In dealing with the abuse of power within modern American evangelicalism, it has been helpful to break the analysis down into categories. Thus we dealt first with evangelicals and political power. Now that we are dealing with evangelicals and ecclesiastical power, I propose a further subdivision, namely, a division between obvious “fringe” groups, commonly classified as cults, versus power abuse in churches and church organizations that are typically regarded as “mainstream.” This post begins a tour of a few typical fringe churches, leaders, and organizations. We will start with my old abusive church, described in my blog posts titled, “What My Old Church Was Like.” But whereas those posts were personal in nature, this post will have a more forensic and analytical tone. I do hope, however, that writing this post won't lead to bad dreams (I'm not joking!) or to the urge to use a few choice four letter words. It's been over five years since I left that messed-up church. One other thing: if anyone reading this is an ex-member of that church, please forgive me if I accidentally irritate old wounds. That is not my intention.

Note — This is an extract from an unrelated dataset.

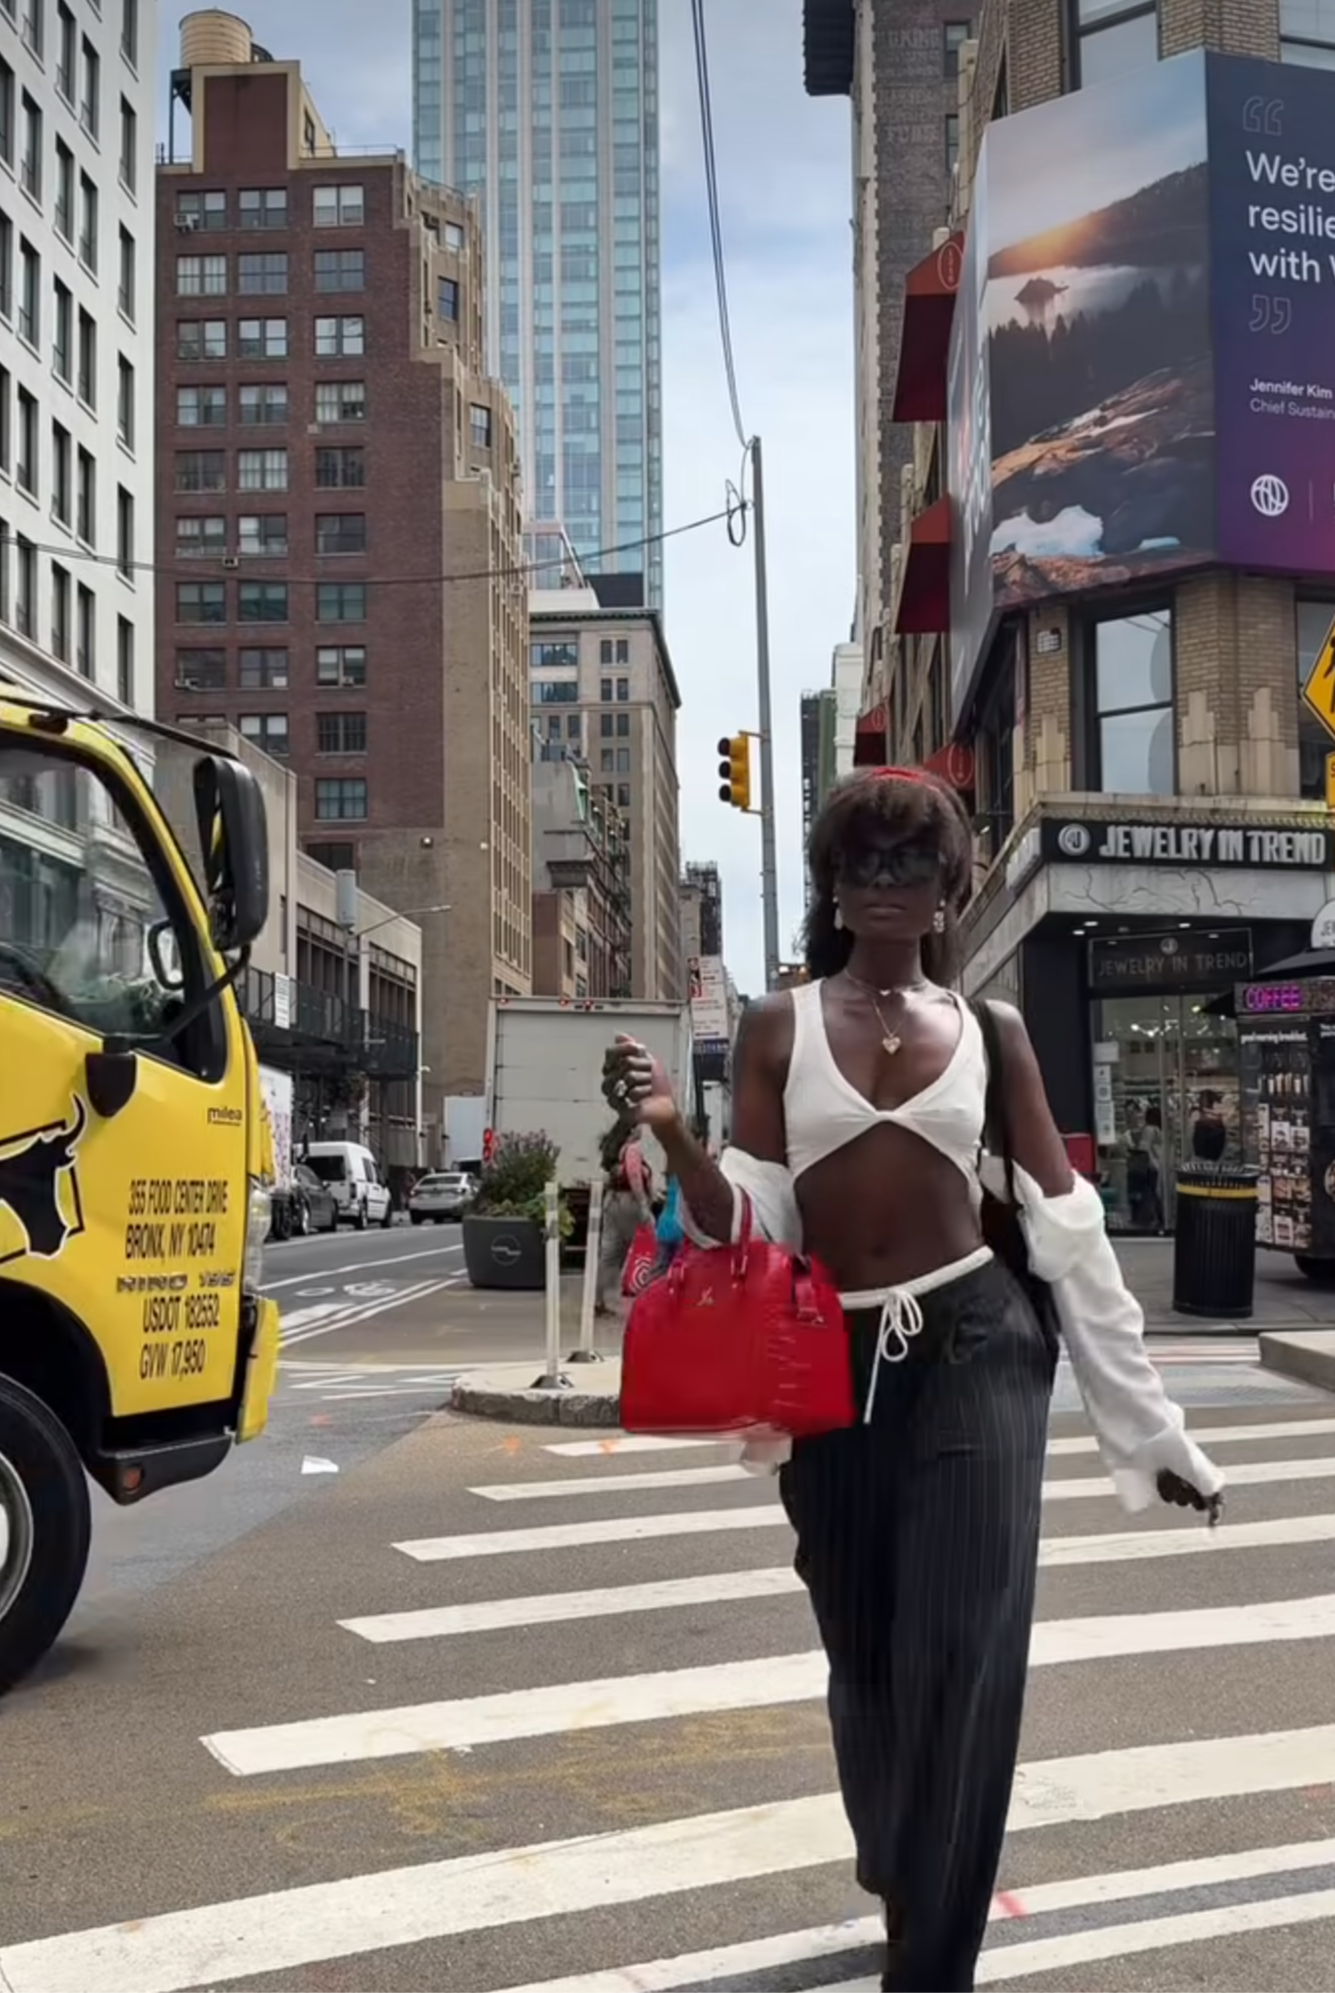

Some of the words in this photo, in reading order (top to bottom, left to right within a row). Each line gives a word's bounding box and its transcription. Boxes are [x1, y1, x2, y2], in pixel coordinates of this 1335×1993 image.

The Assemblies of George Geftakys advertised themselves by such things as college campus “outreach” groups, “Gospel tent campaigns” in various cities, “mission and training teams” sent out to start new assemblies, and “gospel marches” on city streets. But in 1992 they got a bit of publicity they weren't looking for, because that was the year that Churches that Abuse was published. Churches that Abuse was, among other things, a much abridged catalogue of several cultic and damaging churches, among which the Assemblies were also mentioned. When Churches was first published, we who were in the Assemblies were all warned that it was “an attack by the Devil to stir up persecution and discredit the Lord's servant.” But having read the book, I now think it very accurately called a spade a spade. And anyway, crooks almost always deny that they did the crime when they are first fingered. By the way, you can also find out more about George and Betty Geftakys from the Rick A. Ross Institute for the Study of Destructive Cults, Controversial Groups and Movements (www.rickross.com), and from the “Assembly Reflections” website (www.geftakysassembly.com). If you go to the Rick Ross website, just type “Geftakys” in the search box.

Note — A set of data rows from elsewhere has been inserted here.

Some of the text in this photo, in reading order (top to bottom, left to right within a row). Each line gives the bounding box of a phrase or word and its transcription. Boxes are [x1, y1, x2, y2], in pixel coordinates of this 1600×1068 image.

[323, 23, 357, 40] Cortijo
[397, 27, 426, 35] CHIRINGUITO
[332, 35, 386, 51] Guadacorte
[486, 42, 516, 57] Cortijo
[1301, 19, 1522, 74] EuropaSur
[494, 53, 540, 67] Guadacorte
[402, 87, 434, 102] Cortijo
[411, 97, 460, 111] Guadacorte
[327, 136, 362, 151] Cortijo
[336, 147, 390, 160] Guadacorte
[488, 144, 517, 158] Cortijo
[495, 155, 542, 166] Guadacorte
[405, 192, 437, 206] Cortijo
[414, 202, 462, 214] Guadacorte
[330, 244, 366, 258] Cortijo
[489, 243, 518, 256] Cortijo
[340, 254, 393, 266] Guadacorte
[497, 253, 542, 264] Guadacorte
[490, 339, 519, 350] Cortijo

Some mention of the Plymouth Brethren is in order, since they were the source of much of George's teaching and practice. In the early 1800's a number of people in the United Kingdom became disaffected with certain practices in the Church of England, and began simple “house church” style meetings instead. They became known as the “Brethren.” Most of their groups had no strong leadership or dominant figures, and only a primitive organizational form. But that all changed when a young clergyman named John Nelson Darby joined one of these groups. He was an extremely well-educated man, as well as an overpowering, domineering man, and he quickly made a rigid, restrictive, tightly governed organizational machine out of the majority of these groups, which had formerly been simple gatherings of believers who just wanted to meet each Sunday for mutual encouragement.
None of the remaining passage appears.